A second, and for the purposes of this paper more salient concern, is that this literature is somewhat cursory in its examination of narratives regarding how these alternative proteins are brought into being. Jönsson et al.’s (2019) focus on ontologies (72) and on categories based on usage rather than substance (78) explicitly allow them to “move beyond” these concerns (72). Sexton (2018: 587), in contrast, is certainly attentive to the material practices that go into making these products simulacra of their counterparts, as she is interested in what she calls “edibility formation.” For her, edibility formation involves technological practices that attend to foods’ molecular matter, their physical forms as end products, and their visceral attributes. Technologies that make, say, plant-based proteins feel, look, and smell like meat are important to “visceral equivalence,” just as the deployment of molecular reductionism establishes nutritional equivalence (Sexton, 2016). Here, she refers to a comment made by Beyond Meat’s CEO that meat was basically composed of amino acids, lipids, carbs, minerals, and waters—substances also available in plants (p. 67). Yet, the materiality that concerns her is the substance of food as it is experienced by consumers as tasty and nutritious, not as a set of ingredients that come together and are fabricated in laboratories, factories, and other sites and may or may not metabolize like the food to which humans are accustomed.
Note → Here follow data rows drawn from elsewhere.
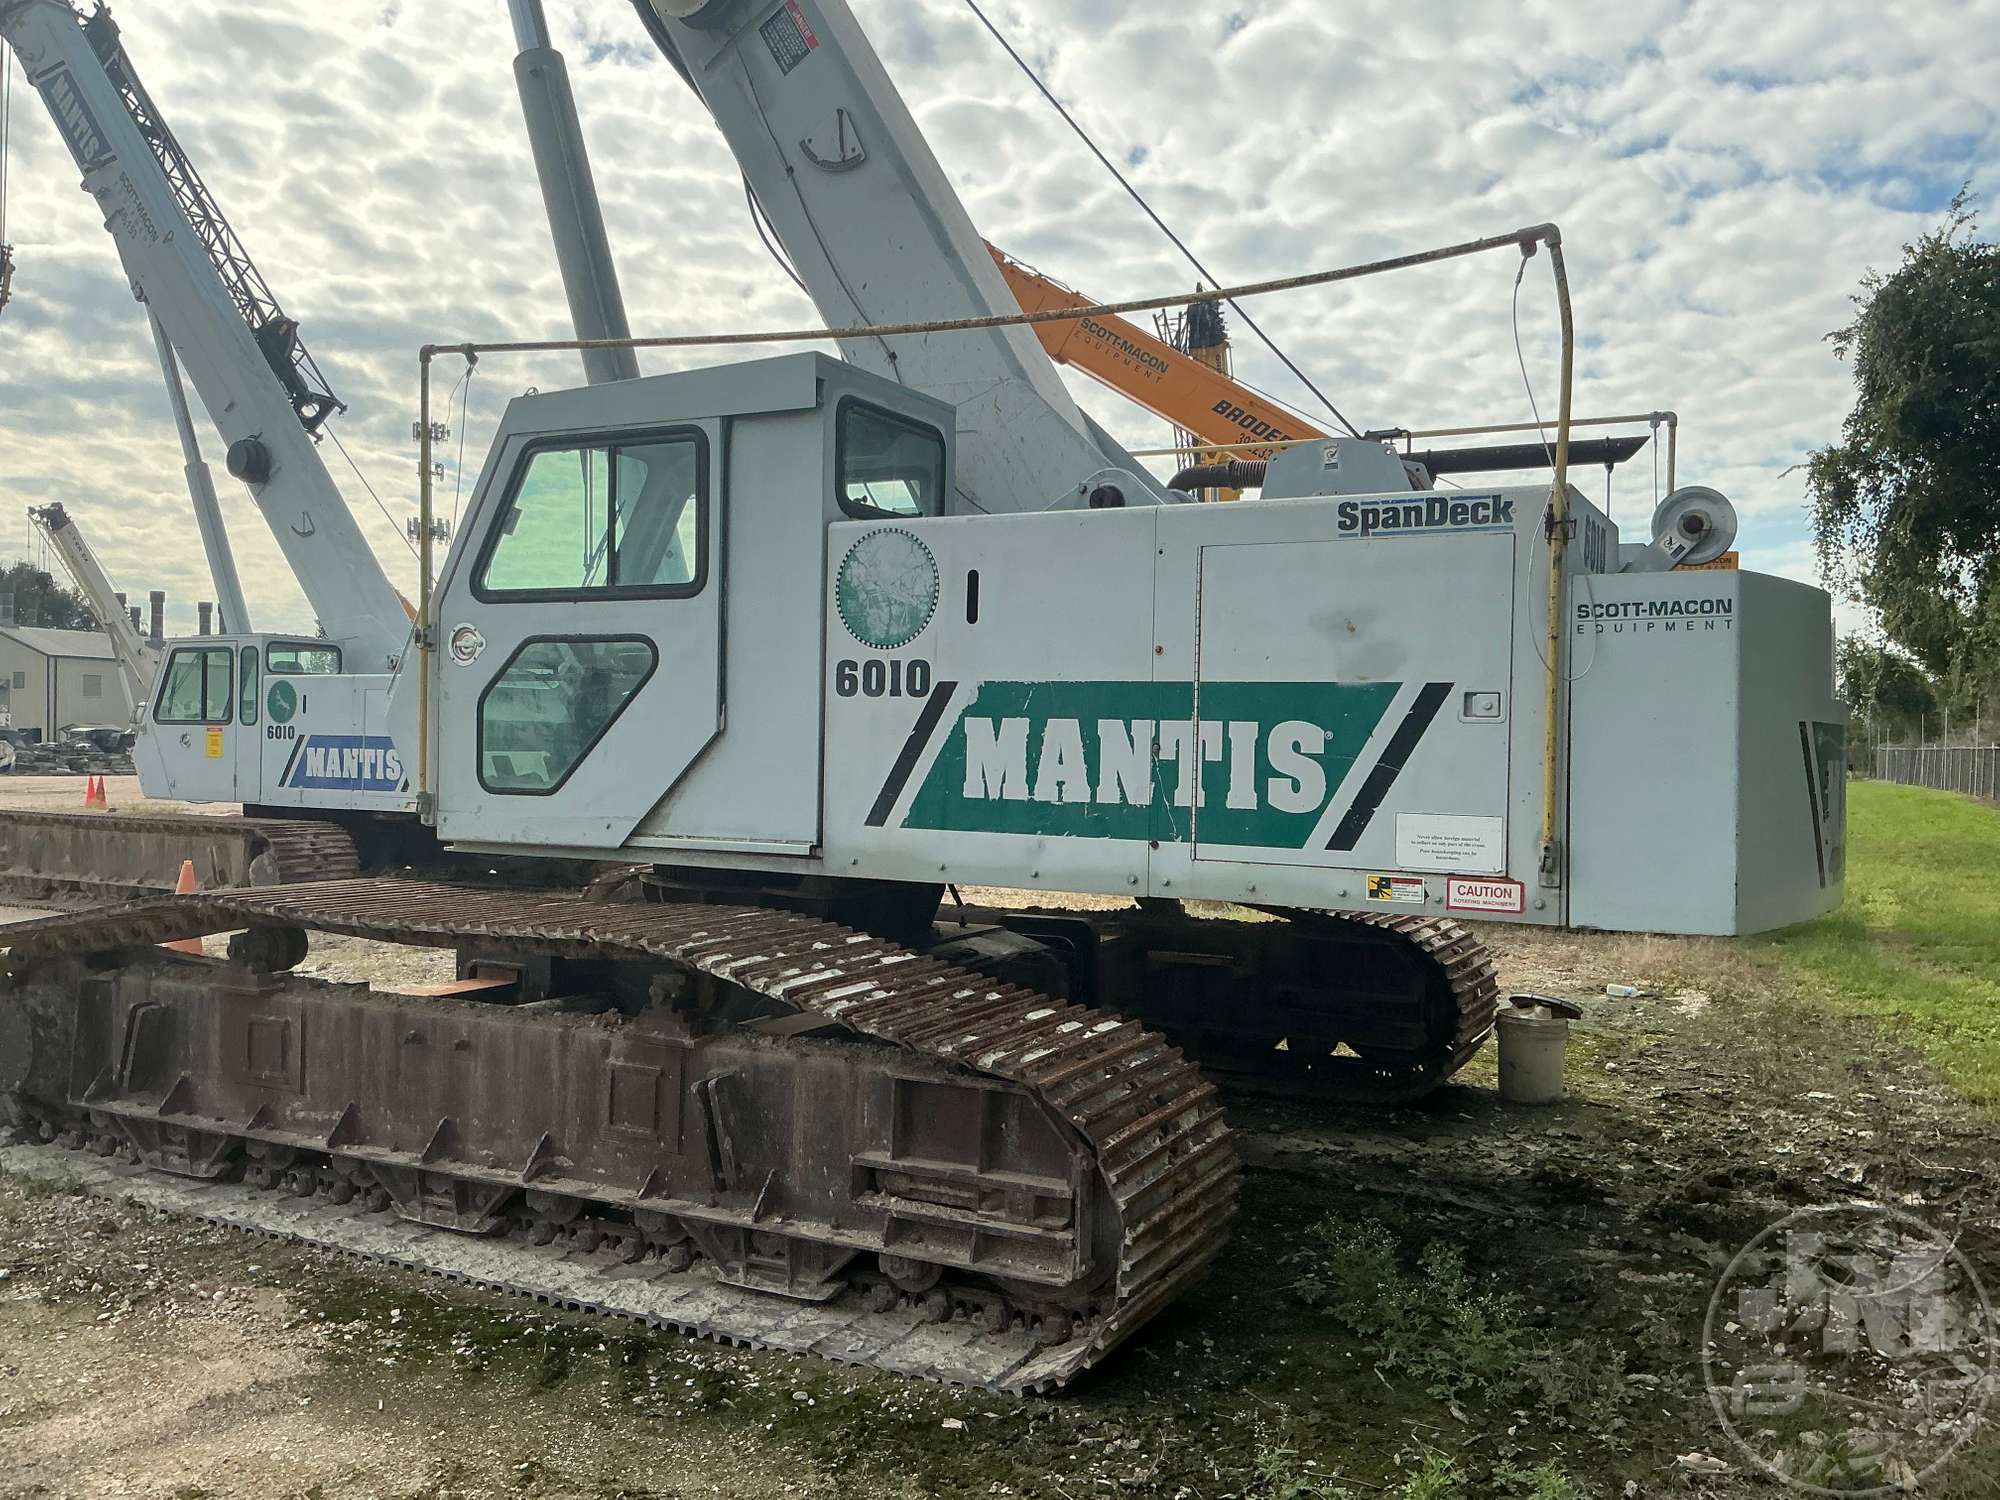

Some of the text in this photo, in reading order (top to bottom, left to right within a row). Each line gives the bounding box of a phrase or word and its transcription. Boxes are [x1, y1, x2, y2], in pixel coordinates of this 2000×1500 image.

[51, 74, 100, 160] MANTIS
[1073, 331, 1161, 384] EQUIPMENT
[1080, 317, 1169, 373] SCOTT-MACON
[1338, 494, 1514, 537] SpanDeck
[1577, 598, 1733, 619] SCOTT-MACON
[1577, 619, 1733, 635] EQUIPMENT
[836, 659, 931, 698] 6010
[267, 725, 295, 740] 6010
[306, 747, 402, 781] MANTIS
[964, 716, 1327, 814] MANTIS
[1457, 884, 1513, 899] CAUTION
[1482, 900, 1516, 908] MACHINERY
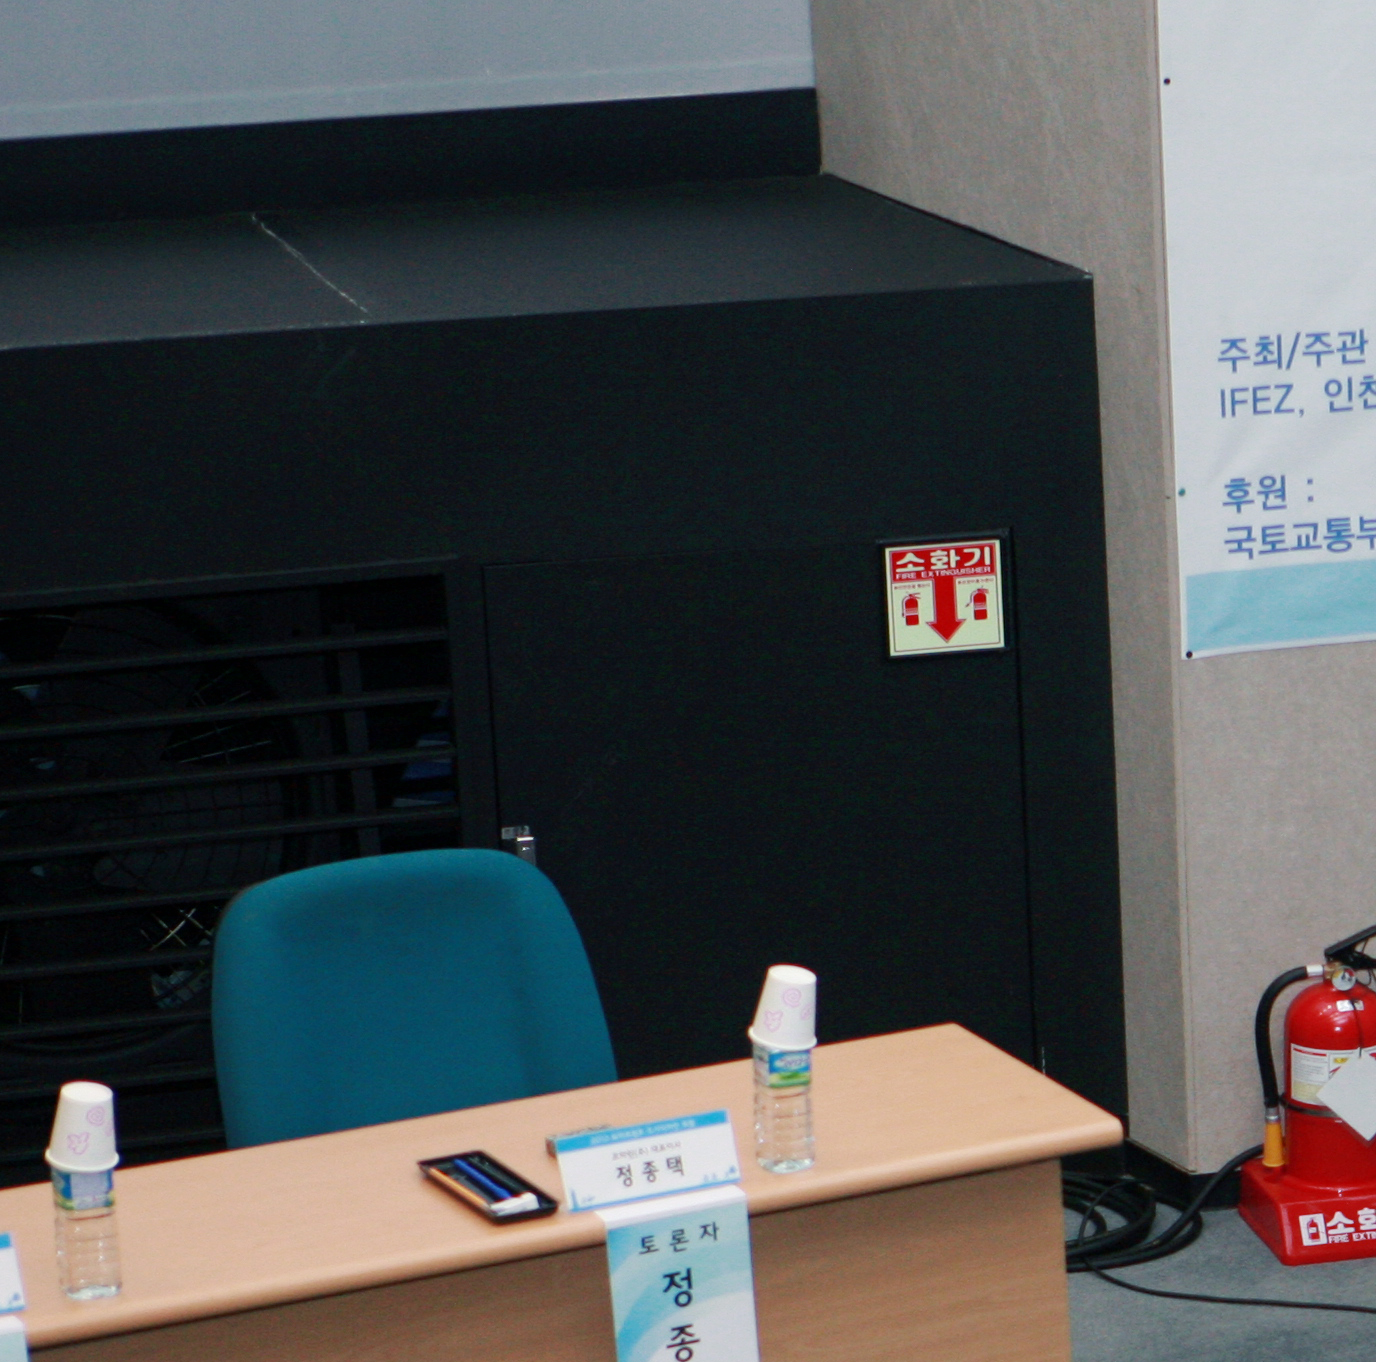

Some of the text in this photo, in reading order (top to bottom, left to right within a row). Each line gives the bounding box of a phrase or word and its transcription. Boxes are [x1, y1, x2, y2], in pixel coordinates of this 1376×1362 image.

[1217, 328, 1369, 373] 주최/주관
[1219, 383, 1305, 418] IFEZ,
[1222, 474, 1288, 514] 후원
[895, 546, 992, 573] 소화기
[895, 565, 992, 580] FIRE EXTINGUISHER
[1328, 1233, 1350, 1244] FIRE
It is not as if these scholars are unconcerned about how these forms of protein are produced or act on eaters’ bodies. Jönsson (2016: 727) critiques work that emphasizes the instability of cultured meat as an ontological object for “overlook[ing] the materiality of cultured meat [and] the conditions under which research and development (R&D) is undertaken.” He explicitly comments that questions of labor are missing in discussions of the scaling up of cellular meat. Likewise Sexton (2018: 597) points out that the new alternative proteins “present distinct changes to some of the existing materialities of protein supply chains, such as the shift from conventional agriculture to biotechnological contexts and the emergence of new geographies of food production (e.g. Silicon Valley).” Nevertheless, other than these nods—and the important exception of cellular meat (see below)—this literature leaves representations of the supply chains and processes by which these products come to fruition largely unexamined.

Our interest is thus more in the promises related to the materializations, as opposed to the promises regarding the materiality of these alternative proteins. By that we mean we are interested in claims-making about how these products become edible protein as opposed to how they will be experienced by consumers as meat or meat-like. We find this important not only because many of the products we trace claim to make and extract protein in forms that do not necessarily simulate animal products. Rather, we also see in the promotion of these alternative proteins promises of a range of environmental benefits in relationship to conventional animal protein production that they do not, in fact, generally demonstrate. They specifically promise optimization of resource use in the making of protein, if not exactly something from nothing. Though more subtle, we also see a set of nutritional narratives that promise nutritional equivalency despite wildly different ingredients than those for which they substitute (Scrinis, 2008; Sexton, 2016). In short, we see promises that would seem to defy both industrial and bodily metabolism (Guthman, 2015; Metcalf, 2013).

To be clear, our goal here is not to demonstrate the real impact of these technologies in comparison with animal protein. Others are undertaking that project, including those conducting Life Cycle Assessment studies of cellular meat (Lynch and Pierrehumbert, 2019; Mattick et al., 2015; Tuomisto and Teixeira de Mattos, 2011). Rather, our goal is to show how industry discourses and practices both draw attention to and avoid pertinent questions about the transformation of source ingredients into edible protein.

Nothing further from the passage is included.